### Dataset entries
[Start of section]
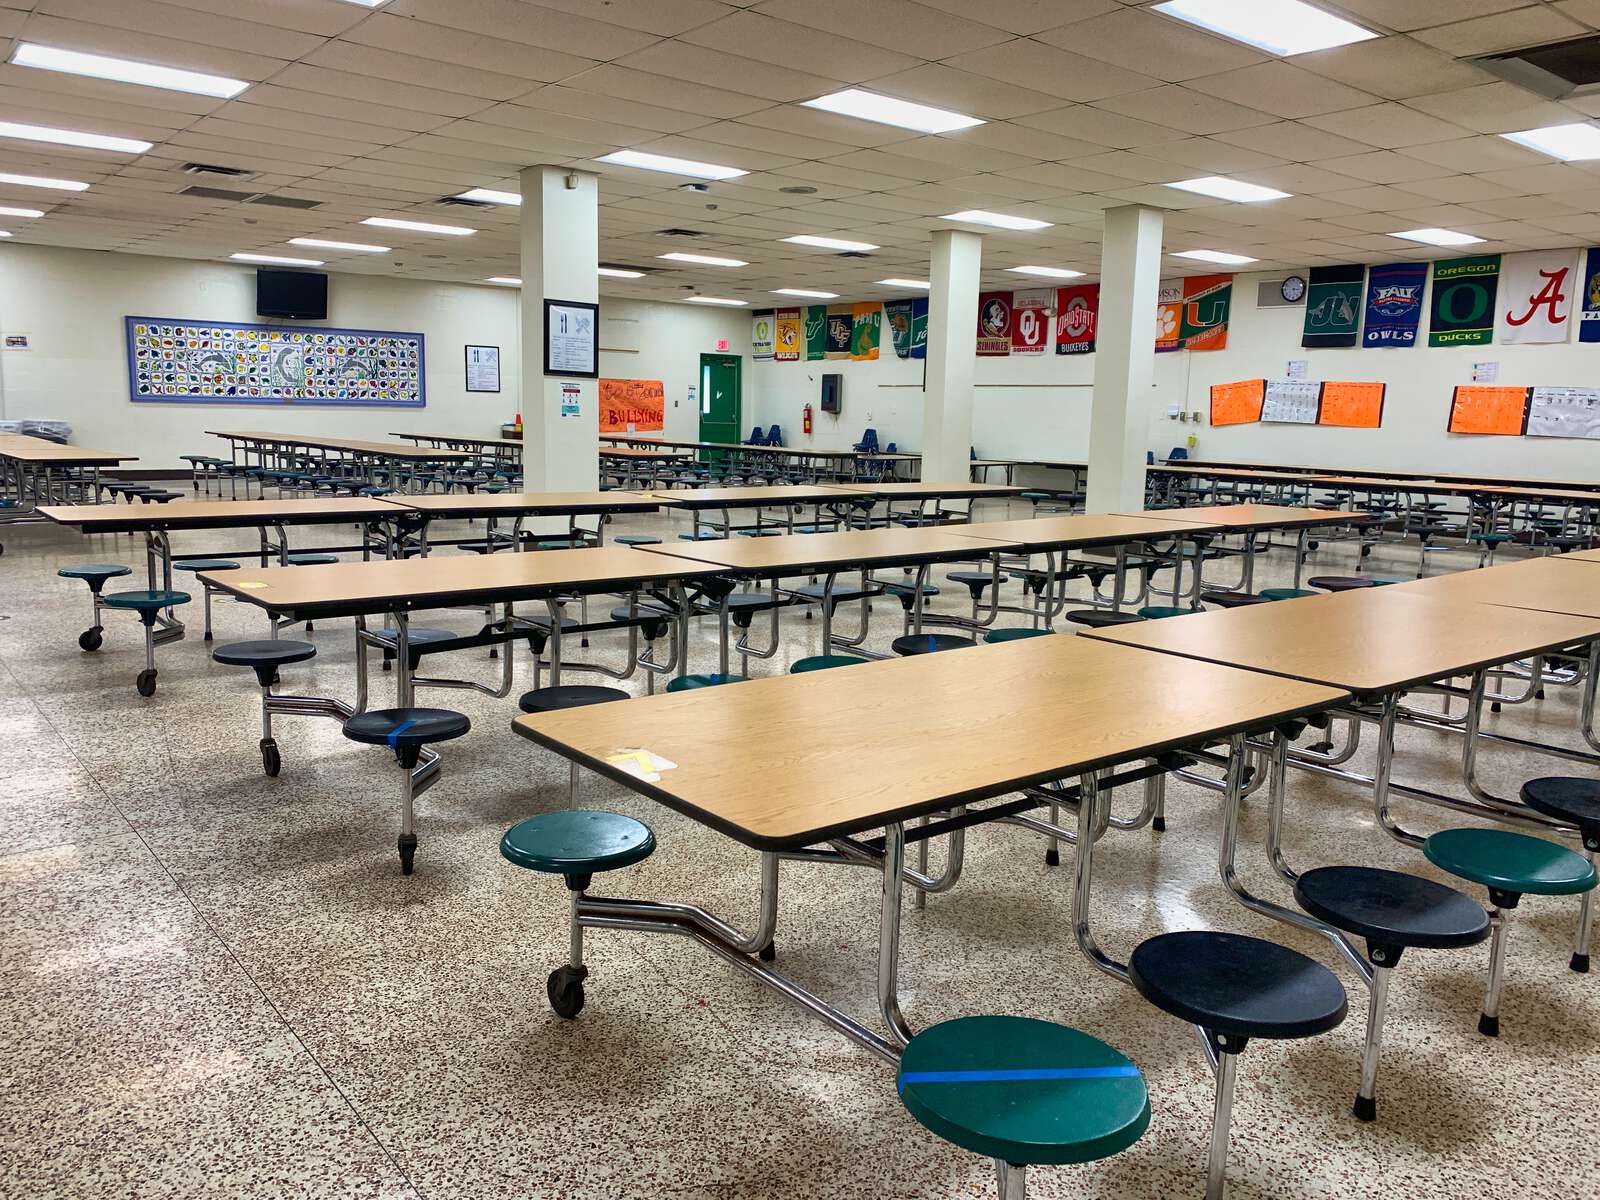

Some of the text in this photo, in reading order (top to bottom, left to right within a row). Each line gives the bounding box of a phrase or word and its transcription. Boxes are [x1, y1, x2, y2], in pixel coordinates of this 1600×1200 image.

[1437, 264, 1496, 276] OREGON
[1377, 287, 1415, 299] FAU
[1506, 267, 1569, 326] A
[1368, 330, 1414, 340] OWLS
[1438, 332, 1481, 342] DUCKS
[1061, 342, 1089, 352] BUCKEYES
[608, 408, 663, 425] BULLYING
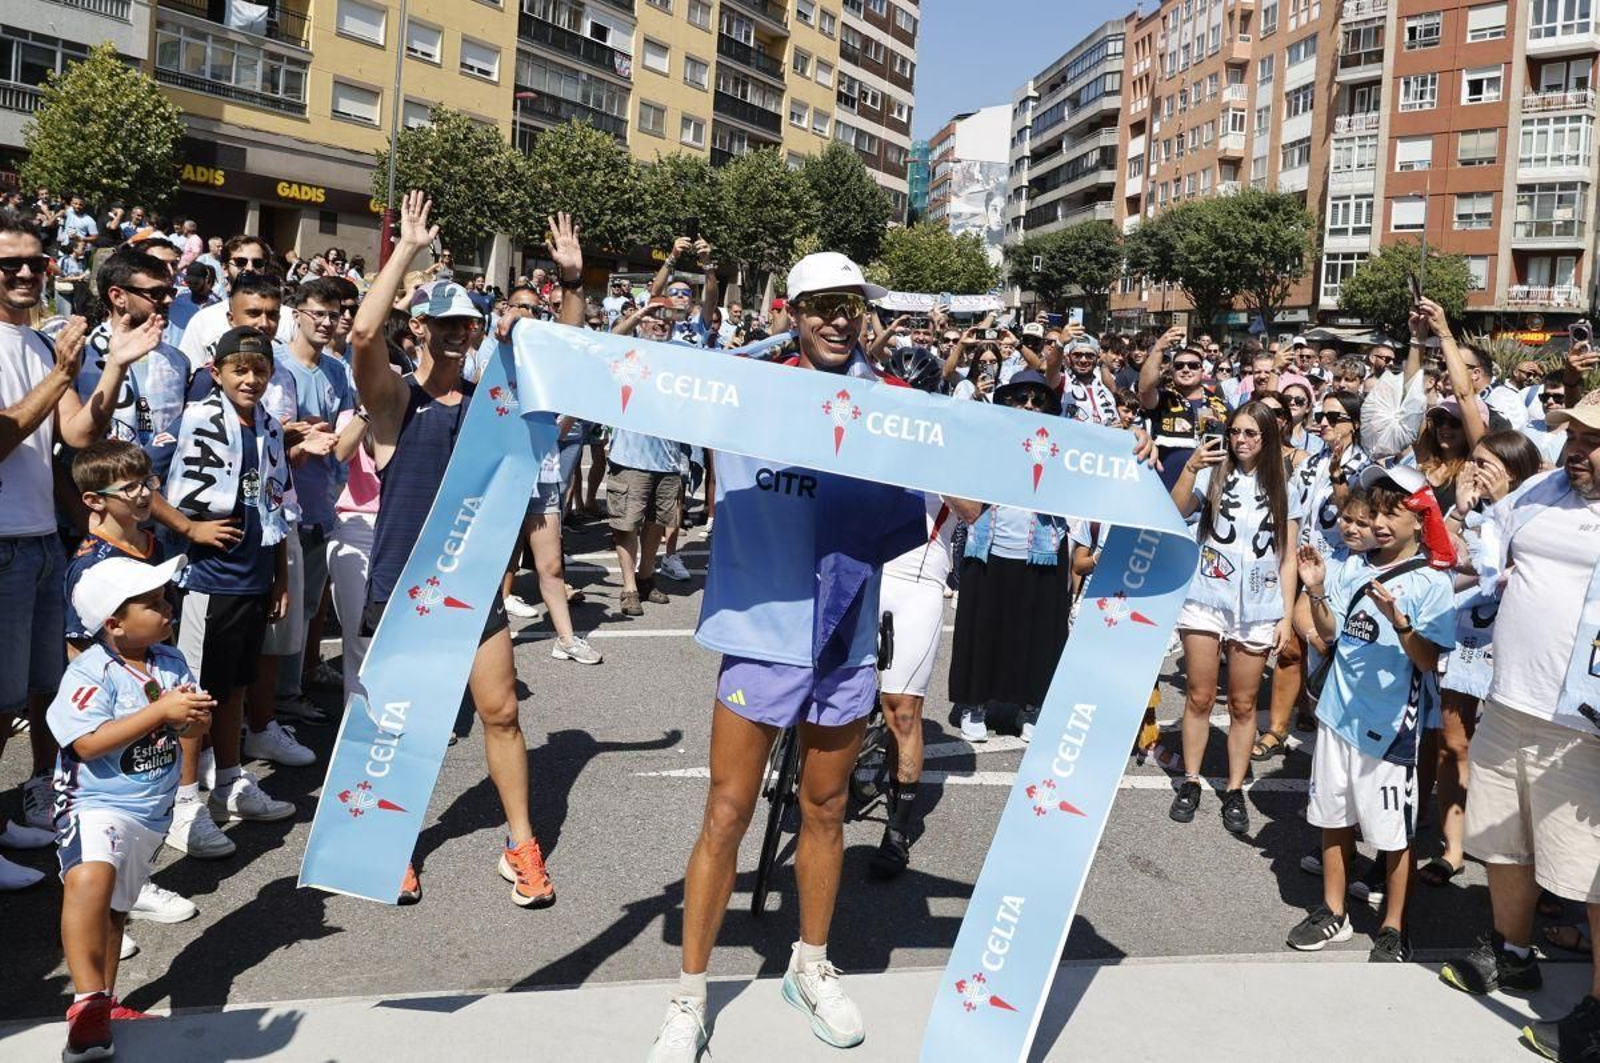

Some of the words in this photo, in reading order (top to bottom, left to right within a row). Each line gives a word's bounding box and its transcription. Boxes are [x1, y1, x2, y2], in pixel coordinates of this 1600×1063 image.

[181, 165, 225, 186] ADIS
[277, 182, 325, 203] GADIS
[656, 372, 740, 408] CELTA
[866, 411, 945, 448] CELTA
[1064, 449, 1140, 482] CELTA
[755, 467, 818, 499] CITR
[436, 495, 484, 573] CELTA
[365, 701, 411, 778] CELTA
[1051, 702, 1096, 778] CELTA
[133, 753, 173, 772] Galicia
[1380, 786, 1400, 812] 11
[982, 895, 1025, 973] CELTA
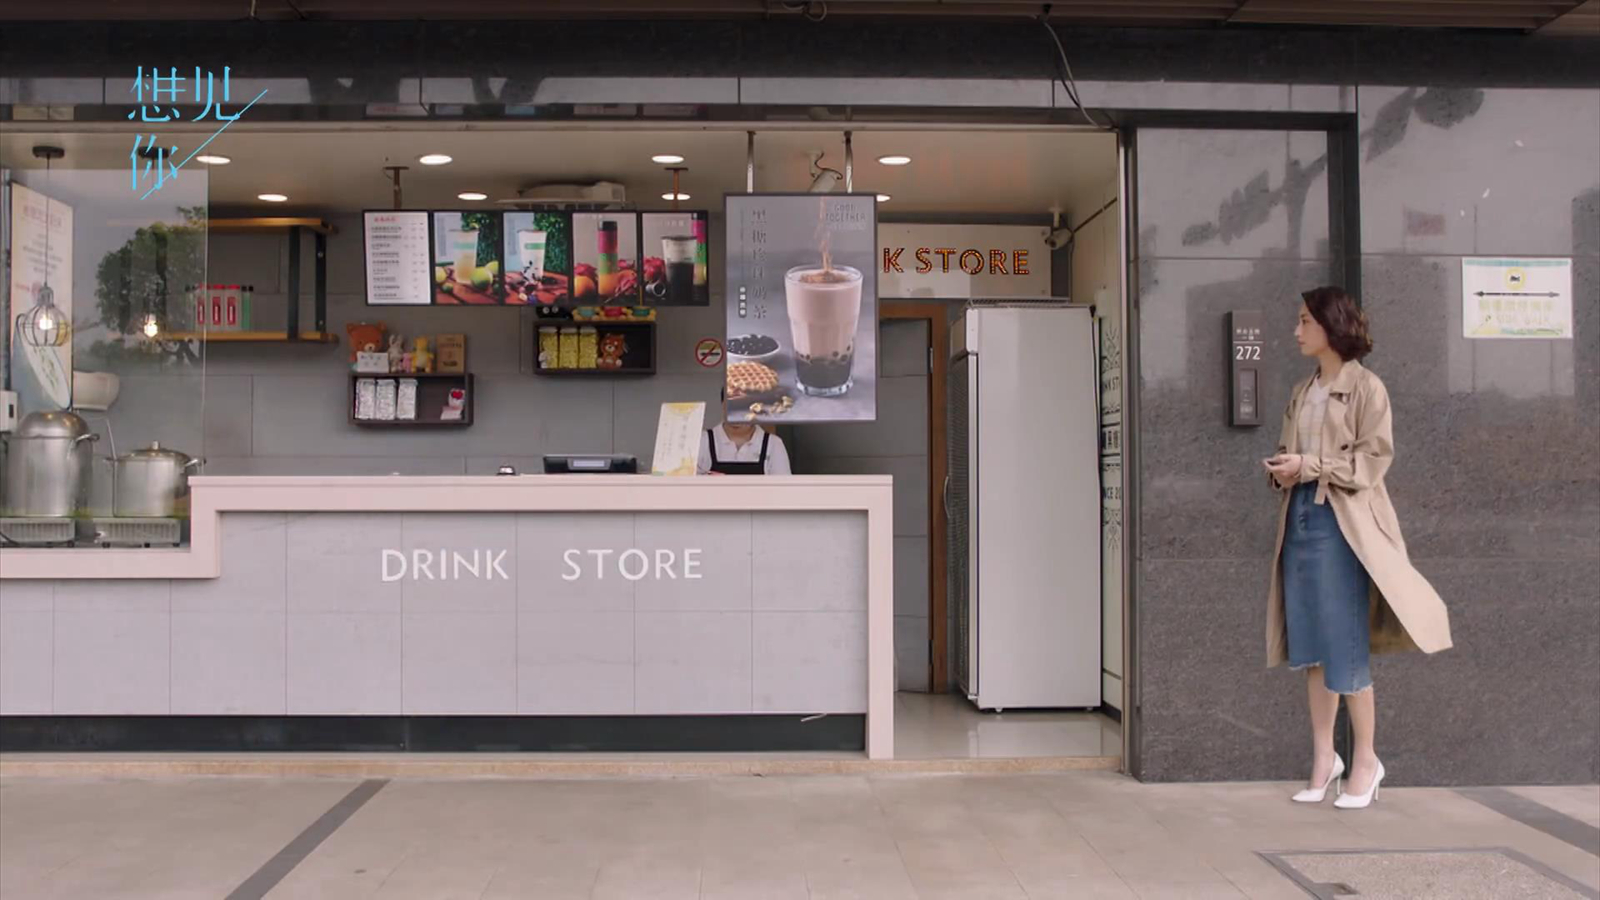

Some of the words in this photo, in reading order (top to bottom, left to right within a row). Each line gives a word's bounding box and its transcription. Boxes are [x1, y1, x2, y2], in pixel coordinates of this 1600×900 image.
[End of section]
### Problem requirements
Write out all the records exactly, omitting the images.

### Completed task
Some of the text in this photo, in reading order (top to bottom, left to right within a row). Each line gives the bounding box of a phrase or word and its transcription. Boxes are [x1, y1, x2, y2], in pixel coordinates of this 1600×1200 image.

[1437, 264, 1496, 276] OREGON
[1377, 287, 1415, 299] FAU
[1506, 267, 1569, 326] A
[1368, 330, 1414, 340] OWLS
[1438, 332, 1481, 342] DUCKS
[1061, 342, 1089, 352] BUCKEYES
[608, 408, 663, 425] BULLYING

Some of the words in this photo, in reading order (top to bottom, left to right within a row). Each line gives a word's bounding box and its transcription. Boxes are [x1, y1, x2, y2], in pixel coordinates of this 1600×1063 image.

[181, 165, 225, 186] ADIS
[277, 182, 325, 203] GADIS
[656, 372, 740, 408] CELTA
[866, 411, 945, 448] CELTA
[1064, 449, 1140, 482] CELTA
[755, 467, 818, 499] CITR
[436, 495, 484, 573] CELTA
[365, 701, 411, 778] CELTA
[1051, 702, 1096, 778] CELTA
[133, 753, 173, 772] Galicia
[1380, 786, 1400, 812] 11
[982, 895, 1025, 973] CELTA

Some of the words in this photo, in reading order (top to bottom, left to right within a row). Each line gives a word's bounding box and its transcription. Boxes are [x1, y1, x2, y2], in pixel coordinates of this 1600×900 image.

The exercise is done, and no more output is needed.